Aber bald sind wir alle abgelenkt – auf den Weg nach Mocoa werden wir von Karnevalsumzügen überrascht – Karneval überall – und ich habe gedacht, das ist nur in Pasto! Allerdings alles viel netter und einfacher gestalter – authentischer! Überall sind bemalte Kinder unterwegs, teilweise mit Masken, und versperren uns den Weg, um ihn für ein paar Bonbons wieder frei zu geben. Echt süss!

Und unser Fahrer fährt echt Schneckentempo – wir sind mit durchschnittlich 40 km/h unterwegs und alles hupt und überholt uns und ich am Rande des Wahnsinns – so werden wir nie im Leben ankommen! Bald geht der Weg in die Anden Richtung Amazonas. Enge Pässe nach oben und links und rechts geht es unendlich tief nach unten. Alles Regenwald. Teilweise Sonnenschein, teilweise Regen und teilweise Nebel, der über den hohen, tropischen Wäldern hängt. Bäume die violett blühen runden das Bild ab. Irgendwann komm ich mir vor wie über den Wolken, denn bald sind die Wolken in gleicher Höhe wie mit uns. An jeder Ecke ein brausender Wasserfall, der die Straßen matschig und gefährlich macht. Teilweise abgebrochenes Erdreich durch den Regen oder die unendlichen Bäche, die über die Strassen fließen, weil sie keinen anderen Weg mehr finden und somit die Strasse teilweise mitreißen. Super gefährlich, vor allem wenn einem noch Lastwägen entgegenkommen und wir bis zum Straßenrand ausweichen müssen, der teilweise nicht mal durch eine Leitplanke geschützt ist. So düsen wir 6 Stunden durch die Gegen – trotzalledem auf Traumwegen durch die Anden!

Nach einem Jeepwechsel in Mocoa, werden ich und andere Passagiere noch zu unserem Endziel gebracht. Keiner versteht so richtig wo ich hin will. Mein Hostal heisst Portal final del Mundo und jeder denkt ich will in den Naturschutzpark Final del Mundo, der nur nach 6 km zu Fuss durch die Pampa erreichbar ist….was für ein Drama. Da zeigt man noch dem Taxifahrer den Weg. Zum Glück gibt es GPS! Kaum angekommen und die Koffer ausgepackt, bietet mir die Hostalbesitzerin an, mit auf die Karnevalsfeier in die Stadt zu gehen.
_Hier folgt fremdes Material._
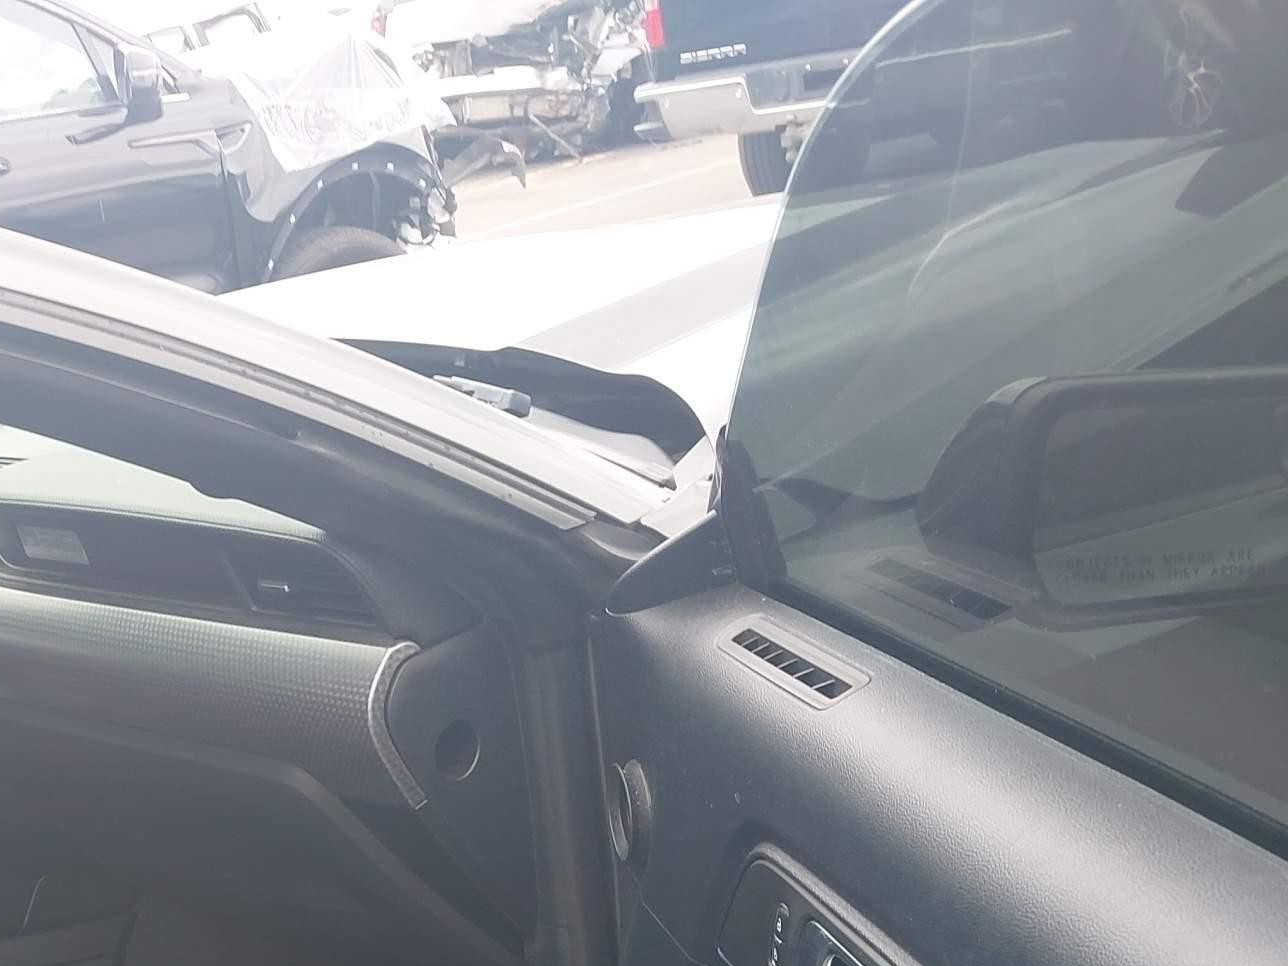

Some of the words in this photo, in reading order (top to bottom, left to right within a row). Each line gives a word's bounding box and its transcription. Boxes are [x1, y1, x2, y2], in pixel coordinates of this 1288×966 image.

[680, 43, 746, 65] SIERRA
[1055, 570, 1108, 585] CLO
[1210, 563, 1272, 578] APP
Blanca Noibes ist ihr Name. Wieso eigentlich nicht? Zwar ist es jetzt schon 21 Uhr – was für eine lange Fahrt und Tag, aber das ist praktisch der Ersatzkarneval, den ich in Pasto verpasst habe. Einige Zeit danach sitzen wir zu dritt auf einem Motorrad. Eine Motorradfahrt zu dritt bei strömenden Regen, der mitten auf dem Weg nach Mocoa plötzlich anfing. Halleluja. Wir halten an, damit wir einen Regenmantel über uns werfen können – gut für Blanca, aber nicht für uns, denn so fahren wir blind, da wir uns unter ihrem riesigen Regenmantel „verstecken“. Irgendwann macht das Mädchen hinter mir noch den Regenschirm auf, dass wir zumindest ein wenig trocken bleibengeht es noch? Ich schwöre mir nur noch, dass ich zu Fuss oder mit dem Taxi nach hause gehe – 6 km…die Strecke mit dem Motorrad kommen mir vor wie eine Ewigkeit. Bald werden wir dafür entschädigt – es wartet auf uns eine Karnevals Party unter neuen Freunden von Blancas Ehemann Luis. Salsa Musik bis zum Abwinken und bald schwinge ich mein Tanzbein zu Latino Rhythmen bis spät in die Nacht. Das pure Leben! Viva Colombia! Mein Ersatzsilvester sozusagen. Die eigentlichen Festlichkeiten besuchen wir nie – die Piste zum Festplatz besteht nur noch aus Matsch, zu Fuß oder mit dem Motorrad unerreichbar. Na ja, morgen ist ja auch noch ein Tag.